Laravel/Lumen provider for consilience/xero-api-client
Provides, as a convenience:
- Service provider to generate clients.
- Facade for the service provider.
- Publishable configuration file.
- Multiple configurations, with a default.
- Example environment variables.
- Covers HTTP communications only; the endpoints and models are handled in other packages of generated code (possibly).
- Installation documentation.
- Usage examples.
Although only Xero Partner applications are supported at present, the configuration file will separate settings by application type.
Treat the above as a TODO list until DONE.
TODO
$app->register(Consilience\XeroApi\LaravelClient\ClientServiceProvider::class);
class_alias(Consilience\XeroApi\LaravelClient\ClientServiceFacade::class, 'XeroClient');
$app->configure('xero-api-client');
and
cp vendor/consilience/laravel-xero-api-client/config/xero-api-client.php config/
These steps assume the user has authenticated your app, and the authentication
details have been stored by MyStorageClass
.
The initial authorisation process is supported by package
https://github.com/consilience/xero-api-client
, but you can take the user through
that process any way you like, so long as you collect the token details at the end.
Create an OAuth1 token object with the current saved authentication details.
// $authDetails is an array of token details fetched from storage
// using key $persistenceKey
$tokenData = MyStorageClass::get($persistenceKey);
// "app1" is the app access details config to use.

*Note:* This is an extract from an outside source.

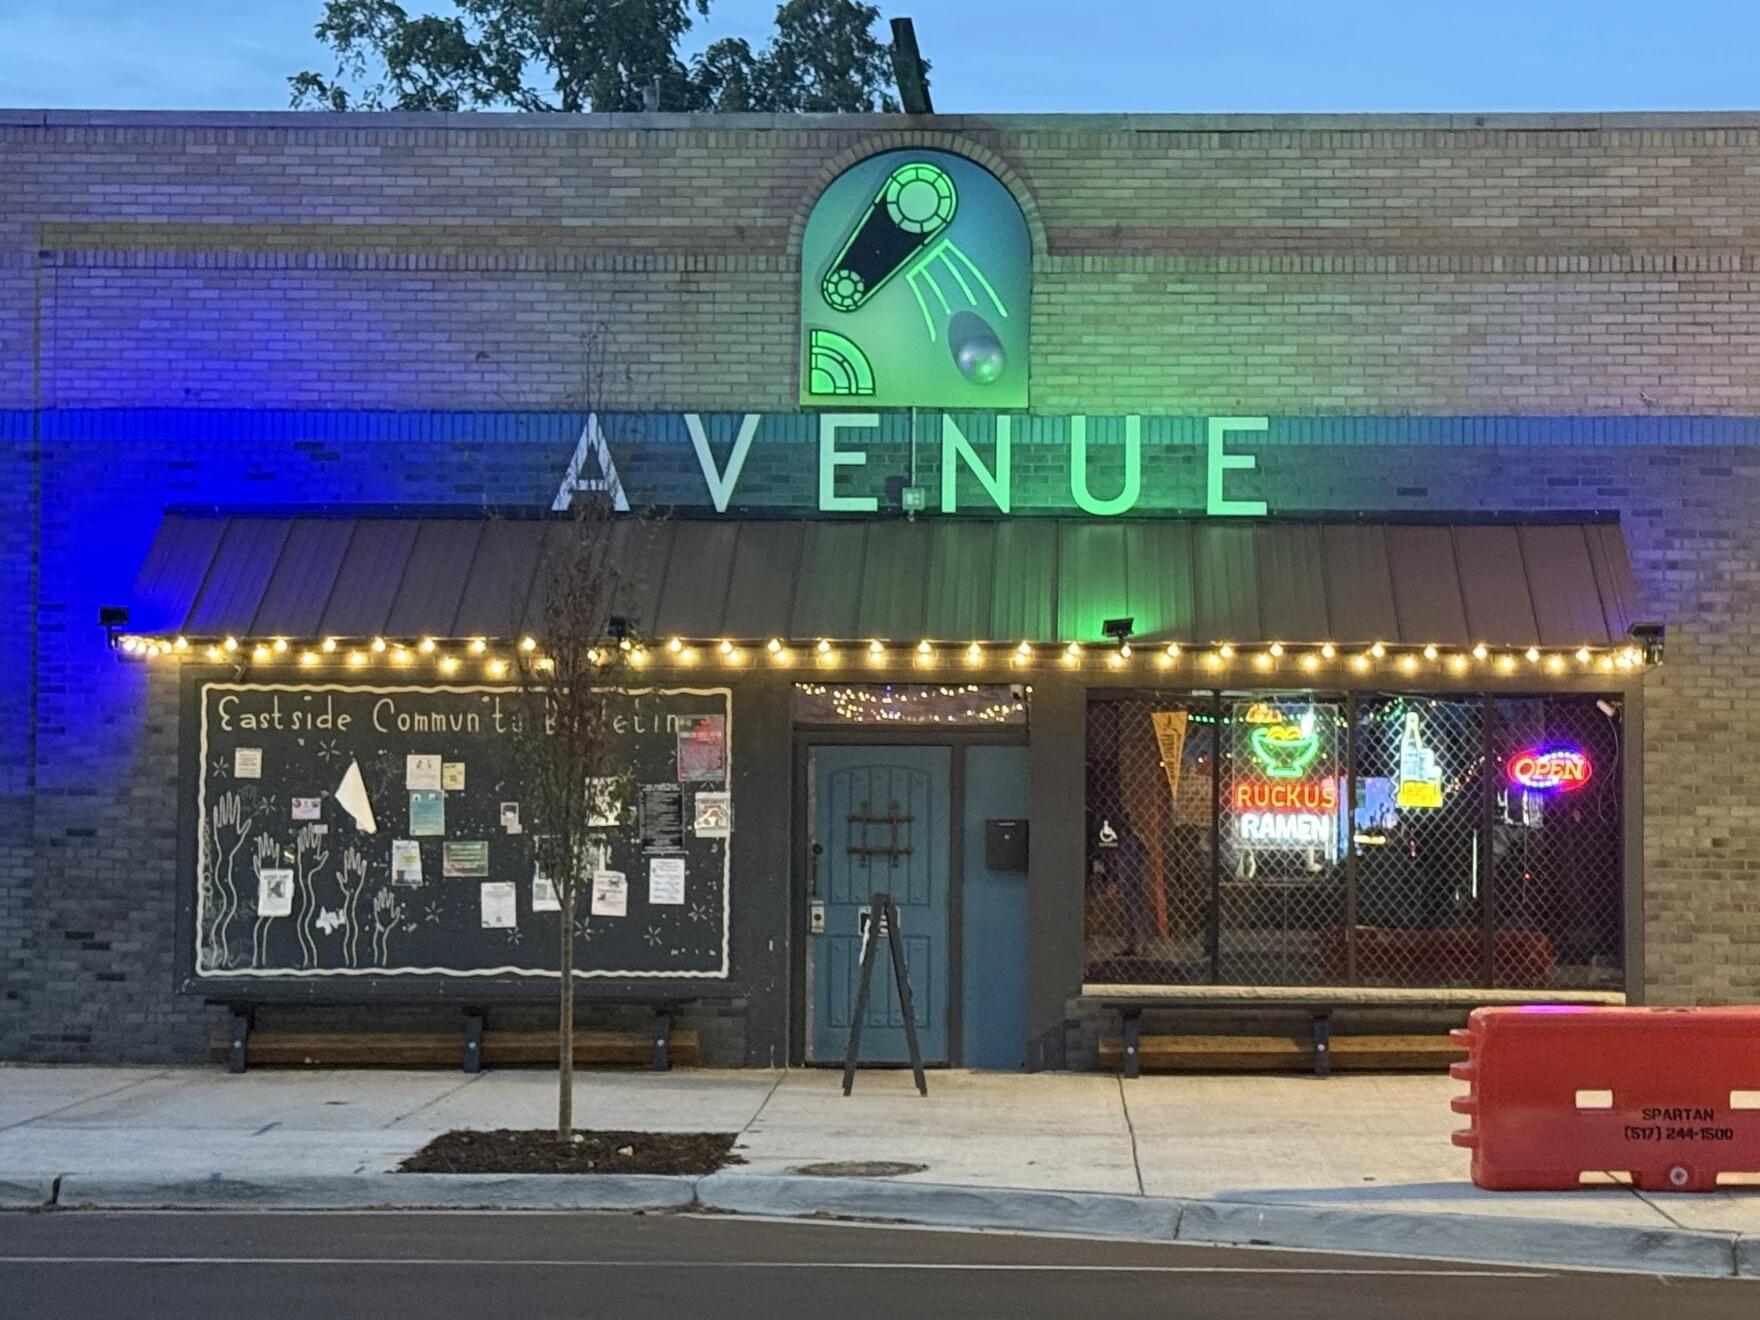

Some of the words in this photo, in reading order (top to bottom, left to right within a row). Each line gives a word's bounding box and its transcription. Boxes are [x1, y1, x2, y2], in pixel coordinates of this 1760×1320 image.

$oauth1Token = \XeroClient::getOauthToken($authDetails, 'app1');
If accessing the Partner app (which is the only app type supported at present) then create a function for persisting renewed tokens.
$onPersist = function (\Consilience\XeroApi\Client\OauthTokenInterface $oauth1Token) use ($persistenceKey) {
// The new token data to save.
$tokenData = $oauth1Token->getTokenData();
// Save it.
MyStorageClass::put($persistenceKey, $tokenData);
};
$oauth1Token = $oauth1Token->withOnPersist($onPersist);
If accessing the Partner app, create a function to fetch the current authenticartion token details. This will be used just before a token renewal, to help mitigate multiple processes renewing the token at the same time.
$onReload = function (\Consilience\XeroApi\Client\OauthTokenInterface $oauth1Token) use ($persistenceKey) {
return MyStorageClass::get($persistenceKey);
};
$oauth1Token = $oauth1Token->withOnReload($onReload);
You can also use this function for initialising the OAuth token object in the first place:
// Instantiate with no token details.
$oauth1Token = \XeroClient::getOauthToken([], 'app1');
// Trigger a reload, to fetch stored token details.
$oauth1Token = $oauth1Token->reload();
Now create the PSR-18 Xero client.
// This will give you an app client, with authentication and built-on token renewal
// as provided by https://github.com/consilience/xero-api-client
$applicationClient = \XeroClient::getClient($oauth1Token, 'app1');
The above with attempt to auto-discover a base PSR-18 HTTP client. If you have one you would like to use instead, then pass it in as a third parameter:
$applicationClient = \XeroClient::getClient($oauth1Token, 'app1', $myFavouritePsr18Client);
Now you can use this client to make requests to Xero, using PSR-7 messages. A simple example is:
// PSR-17 factory will allow us to create PSR-7 messages.
$requestFactory = Http\Discovery\Psr17FactoryDiscovery::findRequestFactory();
$response = $applicationClient->sendRequest(
$requestFactory->createRequest(
'GET',
'https://api.xero.com/api.xro/2.0/organisation'
)->withHeader('Accept', 'application/json')
);
$payload = json_decode((string)$response->getBody());
A separate package is in development to handle the requests.
It uses code and models generated from the Xero OpenAPI specs
to create the request messages, send the requests, and parse the response
into models.
That package would use the $applicationClient
set up here to handle the communications.
The package can be found here https://github.com/consilience/xero-api-sdk and the equivalent to the above manual "organisations" request is very simple:
$configuration = new Consilience\Xero\AccountingSdk\Configuration([
'syncClient' => $applicationClient,
]);
$accountingApi = new \Consilience\Xero\AccountingSdk\Api\AccountingApi($configuration);
$result = $accountingApi->getOrganisations();
$result
will be an Consilience\Xero\AccountingSdk\Model\Organisations
object, with
and single Consilience\Xero\AccountingSdk\Model\Organisation
object and further embedded
objects as appropriate for multiple addresses (Consilience\Xero\AccountingSdk\Model\Address
)
and payment terms (Consilience\Xero\AccountingSdk\Model\PaymentTerm
) etc.
Note that the endpoint URL is organisation (singular) but the operation and hence the method is organisations (plural). The API actually returns an array containing a single organisation, so the plural name is more correct and future-proof, and the OpenAPI spec deals with this name-mismatch for us; we don't care about the URLs and just use the operation functions.